CHANGES SINCE THE ORIGINAL VERSION
----------------------------------
The default test set-up was extracted from
* SparseTensor/CPU/lit.local.cfg.
and duplicated in all tests. This is to support downstream users that
don't use these local LIT config files.
SUMMARY OF CHANGES
------------------
This patch aims to reduce test duplication. This is a direct follow-up of:
1. https://reviews.llvm.org/D155403 (test duplication), and
2. https://reviews.llvm.org/D155405 (code re-use),
All SVE/VLA tests are now enabled _conditionally_ and refactored to use
`mlir-cpu-runner` rather than `lli`. The former helps with test
duplication and the latter with code re-use.

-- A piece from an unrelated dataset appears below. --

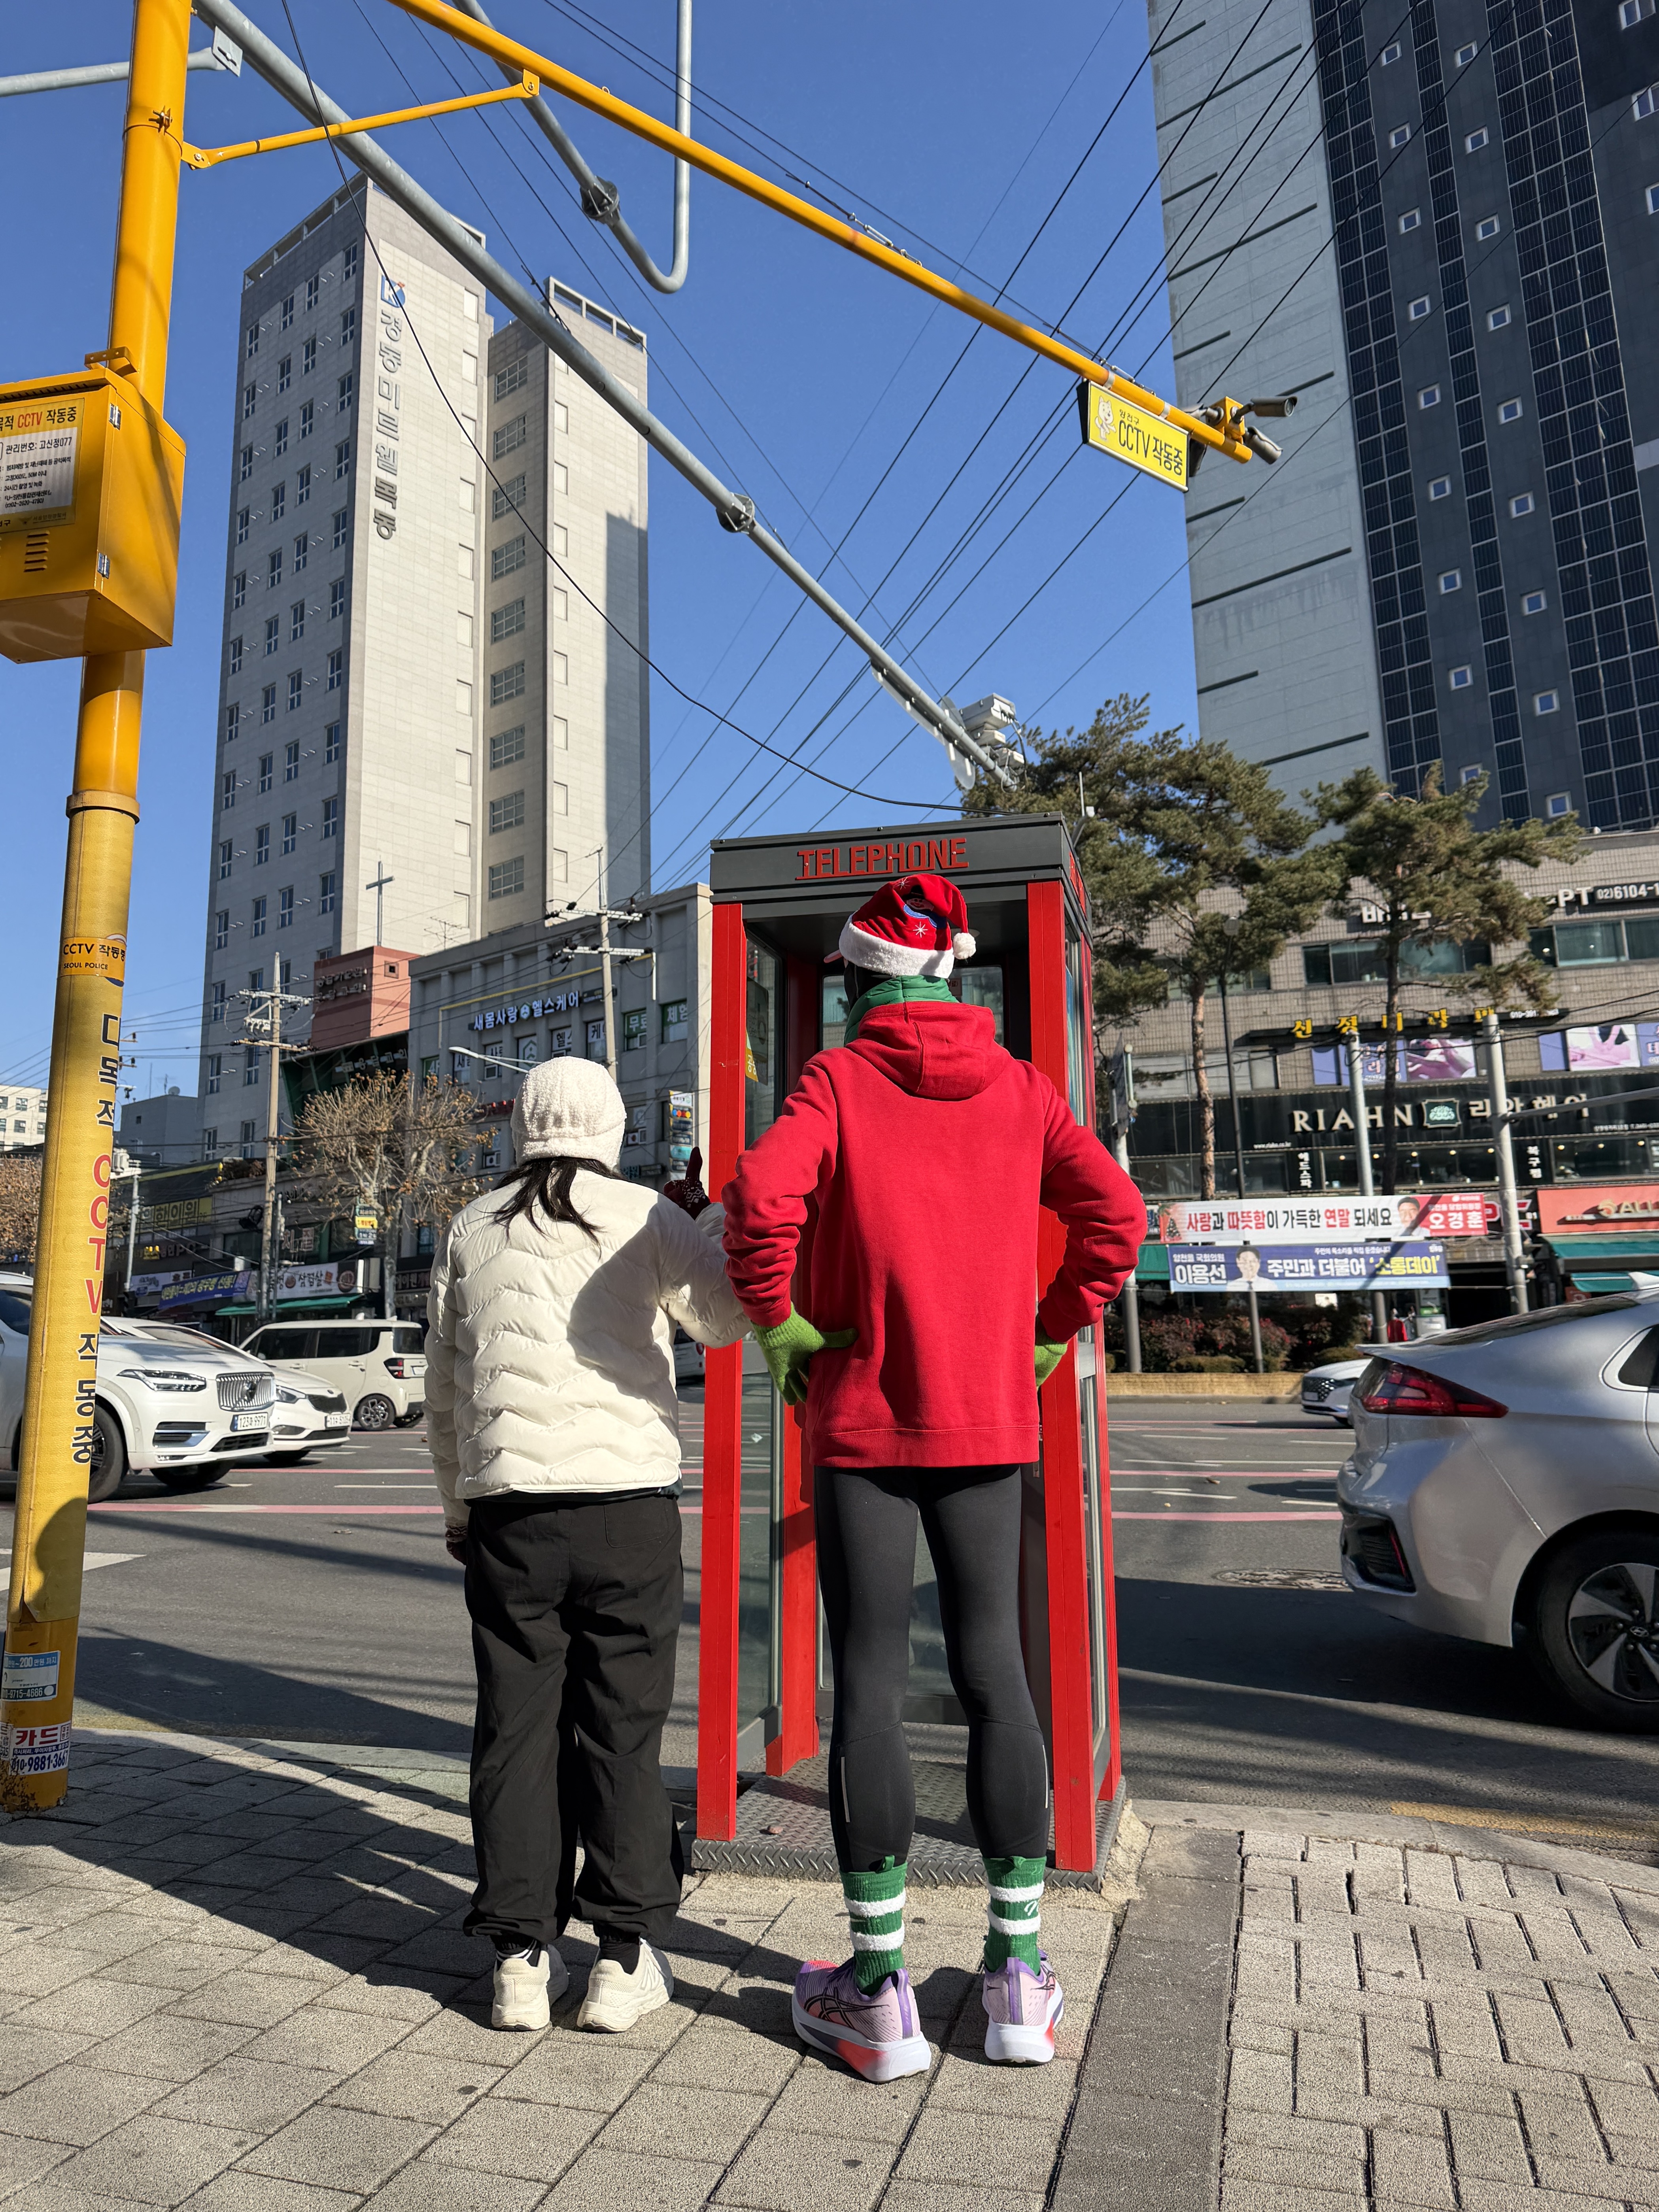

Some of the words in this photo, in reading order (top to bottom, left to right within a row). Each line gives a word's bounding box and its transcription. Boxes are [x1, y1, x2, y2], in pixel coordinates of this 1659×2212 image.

A few additional refactoring changes are included.
1. The reduce verbosity, long runtime library names like:
%mlir_native_utils_lib_dir/libmlir_c_runner_utils%shlibext
are replaced with:
%mlir_c_runner_utils
2. In order to keep the code and the comments in sync, and to maintain
consistency across the tests, the following:
enable-runtime-library=true
is swapped with (and vice-versa):
enable-runtime-library=false
Note that this change won't affect test coverage. Only few tests
required such update.
3. A VLS vectorization `RUN` line is added in tests where there was a
VLA/VLS `RUN` line, but no VLS `RUN` line (with a few exceptions of
tests that only contained one `RUN` line to begin with).
4. A few test variables are renamed/added. Most notable example:
* %{options}` --> %{sparse_compiler_opts}
TEST RUNTIME IMPROVEMENT
------------------------
Tl;Dr This change improves test execution time by ~25%.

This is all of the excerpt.